Since only the words are wanted, reproduce every entry exactly and leave the images behind.

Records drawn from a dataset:
[Start of Attachment]

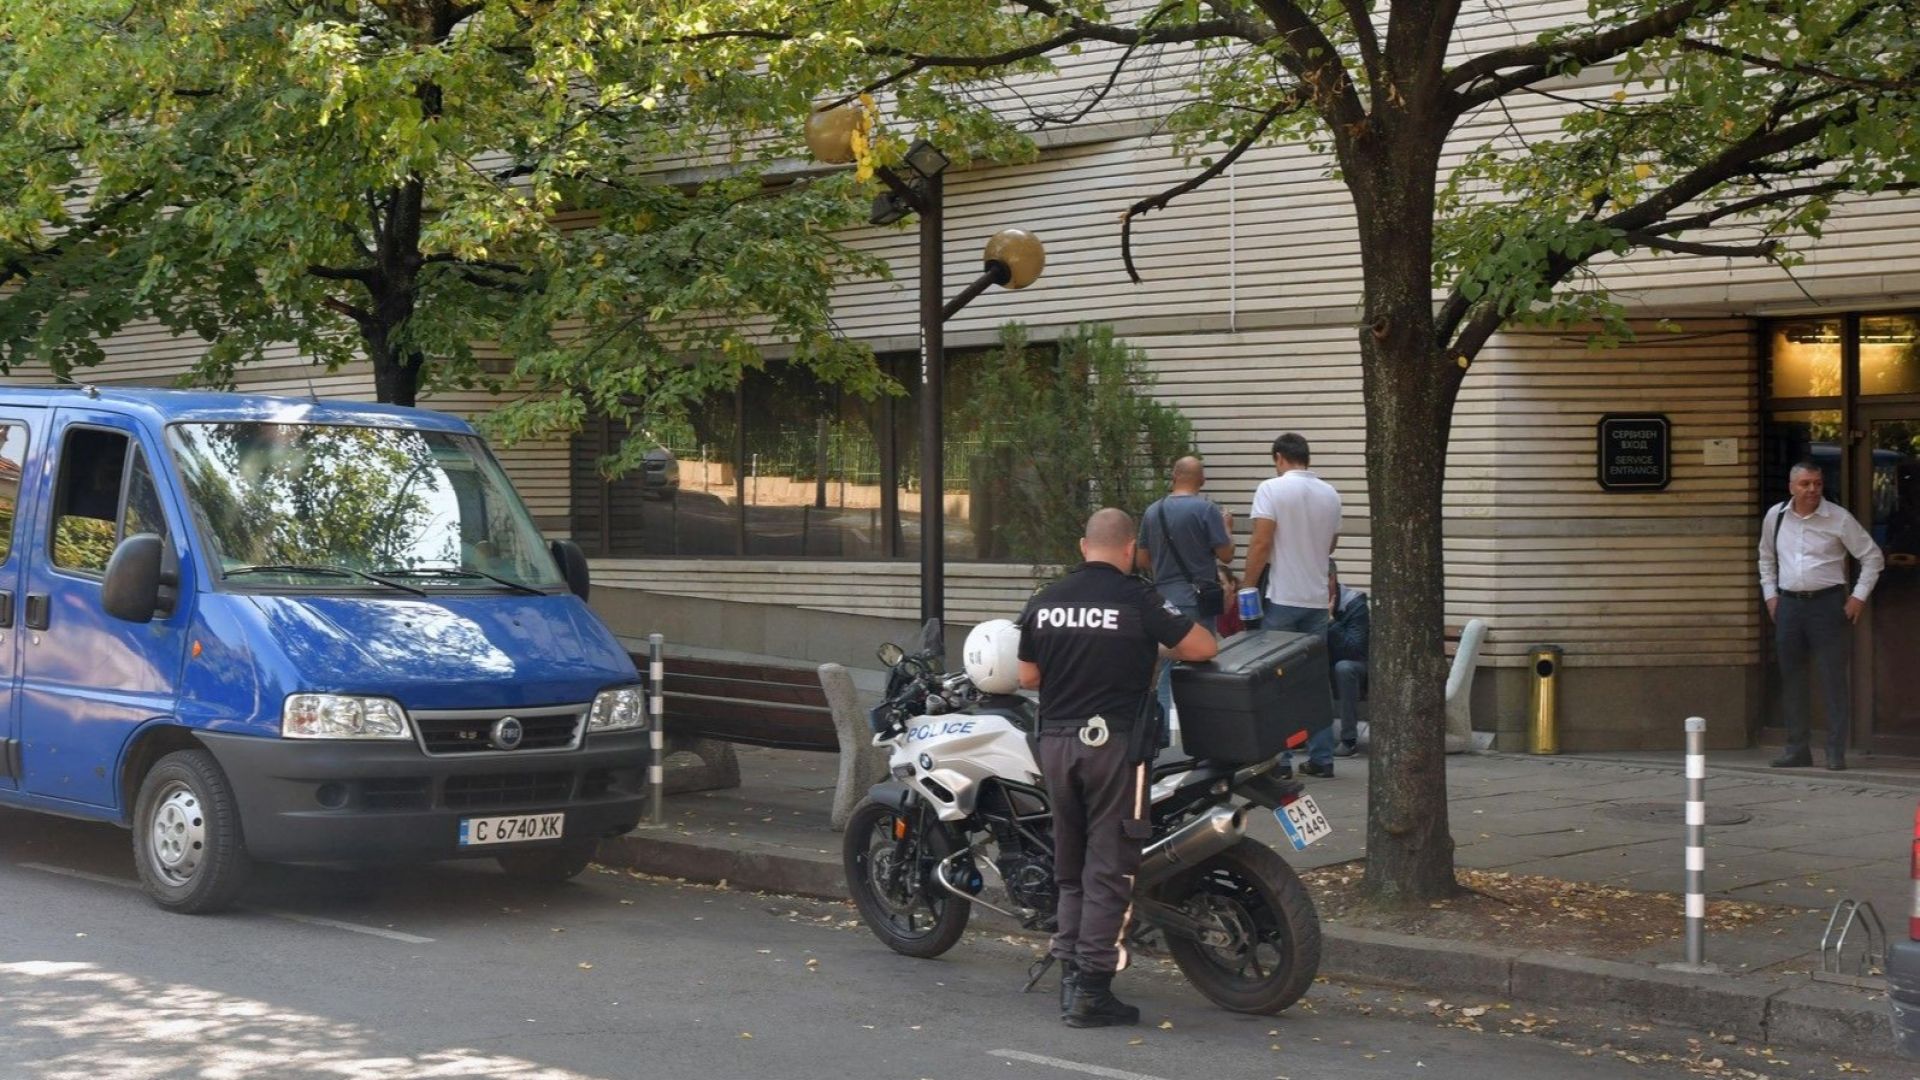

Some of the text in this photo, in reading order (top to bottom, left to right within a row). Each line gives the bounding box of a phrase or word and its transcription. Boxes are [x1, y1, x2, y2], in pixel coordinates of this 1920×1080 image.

[1611, 430, 1658, 440] СЕРВИЗЕН
[1621, 440, 1648, 449] ВХОД
[1615, 455, 1654, 465] SERVICE
[1609, 465, 1660, 475] ENTRANCE
[1037, 607, 1120, 630] POLICE
[906, 721, 977, 743] POLICE
[476, 816, 561, 842] C 6740 XK
[1297, 815, 1328, 841] 7449

[End of Attachment]

**EXERCISE SOLUTION:**
Some of the text in this photo, in reading order (top to bottom, left to right within a row). Each line gives the bounding box of a phrase or word and its transcription. Boxes are [x1, y1, x2, y2], in pixel coordinates of this 1920×1080 image.

[1611, 430, 1658, 440] СЕРВИЗЕН
[1621, 440, 1648, 449] ВХОД
[1615, 455, 1654, 465] SERVICE
[1609, 465, 1660, 475] ENTRANCE
[1037, 607, 1120, 630] POLICE
[906, 721, 977, 743] POLICE
[476, 816, 561, 842] C 6740 XK
[1297, 815, 1328, 841] 7449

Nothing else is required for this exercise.